- Date: July 1932 - 25 April 1938
- Location: Seas around ireland
- Result: Anglo-Irish Trade Agreement Ireland paid a lump sum of £10 million instead of continuing land annuity payments; All trade tariffs were removed; Britain returned the Treaty Ports to Ireland;

Parties
| Irish Free State (until 1937) Republic of Ireland (from 1937) | United Kingdom |

Lead figures
- Éamon de Valera Ramsay MacDonald (1932-1935) Stanley Baldwin (1935-1937) Neville Chamberlain (1937-1938)

= Anglo-Irish trade war =

1932–38 economic conflict

The Anglo-Irish Trade War (also called the Economic War) was a retaliatory trade war between the Irish Free State and the United Kingdom from 1932 to 1938. The Irish government refused to continue reimbursing Britain with land annuities from financial loans granted to Irish tenant farmers to enable them to purchase lands under the Irish Land Acts in the late nineteenth century, a provision which had been part of the 1921 Anglo-Irish Treaty. This resulted in the imposition of unilateral trade restrictions by both countries.

The "war" had two main aspects:
- Disputes surrounding the changing constitutional status of the Irish Free State vis-à-vis Britain;
- Irish economic and fiscal policy changes following the Great Depression.

==Protective policy==
On taking over power and coming into office in 1932, the new Fianna Fáil government under Éamon de Valera embarked upon a protectionist policy in economic dealings, and tariffs were introduced for a wide range of imported goods, mainly from Britain, the Free State's largest trading partner by far. This was thought necessary to develop native industry, move away from over-dependence on Britain, and rectify the failure to develop industrially under free market conditions. It was also to compensate for the drastic fall in demand for Irish agricultural products on international markets, due to the Great Depression, which had begun in 1929. Other means also had to be found to help the disastrously undermined trade balance and the mounting national debt. A vigorous campaign was set in motion to make the Free State agriculturally and industrially self-sufficient by the then minister for Industry and Commerce, Seán Lemass. Every effort was taken to add to the measures brought in by the previous government to boost tillage farming and industry and to encourage the population to avoid British imports and "Buy Irish Goods".

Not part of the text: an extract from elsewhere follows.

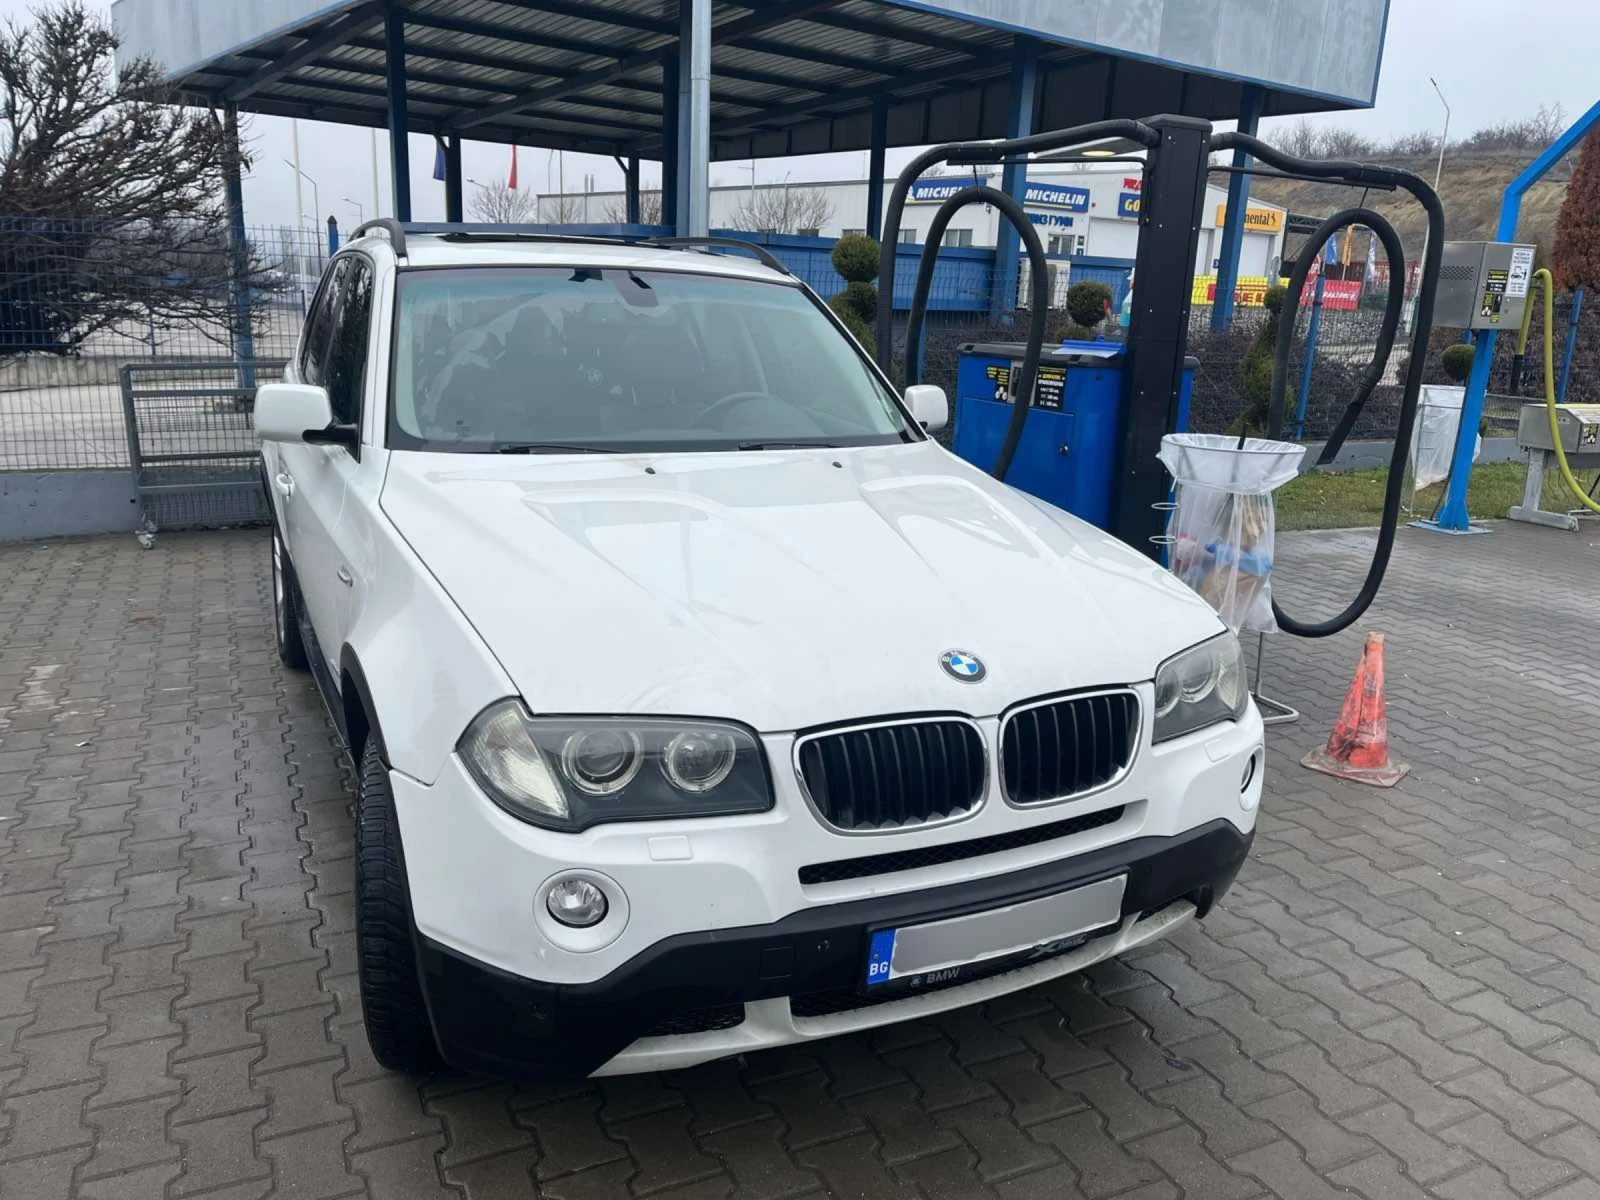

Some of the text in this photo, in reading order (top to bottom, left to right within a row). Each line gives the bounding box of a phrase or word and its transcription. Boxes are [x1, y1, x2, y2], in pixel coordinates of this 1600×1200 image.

[916, 186, 963, 199] MICHE
[1025, 188, 1086, 206] MICHELIN
[869, 961, 889, 977] BG
[926, 967, 960, 984] BMW

==Non-payment of land annuities==
The government sought to go further and end the repayment to Britain of land annuities. These originated from the government loans granted to Irish tenant farmers by the Land Commission from the 1880s, which had enabled them to purchase lands from their former landlords, under the Irish Land Acts. In 1923, the previous W. T. Cosgrave government had assured Britain that the Free State would honour its debts and hand over the land annuities and other financial liabilities. Under the 1925 London Agreement, the Free State was relieved from its treaty obligation to pay its share towards the public debt of the United Kingdom. The Free State's liability to supervise and pass on land annuities payments led to controversy and debate on whether they were private or public debts. In 1932, de Valera interpreted that the annuities were part of the public debt from which the Free State had been exempted, and decided that the Free State would no longer pay them to Britain. His government passed the Land Act 1933 that allowed the money to be spent on local government projects.

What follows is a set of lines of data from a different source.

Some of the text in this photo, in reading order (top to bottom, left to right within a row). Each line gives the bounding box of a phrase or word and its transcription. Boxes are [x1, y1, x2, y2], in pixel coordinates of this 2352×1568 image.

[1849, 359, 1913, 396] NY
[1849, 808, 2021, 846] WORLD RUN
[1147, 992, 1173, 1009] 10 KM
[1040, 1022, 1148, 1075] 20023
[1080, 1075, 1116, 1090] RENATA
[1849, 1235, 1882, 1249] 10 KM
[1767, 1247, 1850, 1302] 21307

After a series of high-level talks in 1932, discussions broke down in October 1932 on whether the liability to pay the land annuities should be adjudicated by a panel chosen from experts from the British Empire (the British suggestion), or from the whole world (the Irish view). In counterclaim, De Valera required the British to:
- Pay back the £30 million already paid in Land Commission annuities, and
- Pay the Irish Free State £400 million in respect of the British government's supposed overtaxation of Ireland between 1801 and 1922.

==Conflict deepens==
To recover the annuities, British Prime Minister Ramsay MacDonald retaliated with the imposition of 20% import duty on Free State agricultural products into the UK, which constituted 90% of all Free State exports. UK households were unwilling to pay twenty per cent extra for these food products. The Free State responded in kind by placing a similar duty on British imports and in the case of coal from the UK, with the remarkable slogan (from Jonathan Swift in the 1720s): "Burn everything English except their coal". While the UK was much less affected by the ensuing Economic War, the Irish economy was badly affected.

Internally, the Irish government did not actually end its own collection of annuities that were costing its farmers over £4 million annually. In the background, unemployment was extremely high, the effects of the Great Depression compounded the difficulties, removing the outlet of emigration and reducing remittances from abroad. The government urged people to support the confrontation with Britain as a national hardship to be shared by every citizen. Farmers were urged to turn to tillage to produce enough food for the home market.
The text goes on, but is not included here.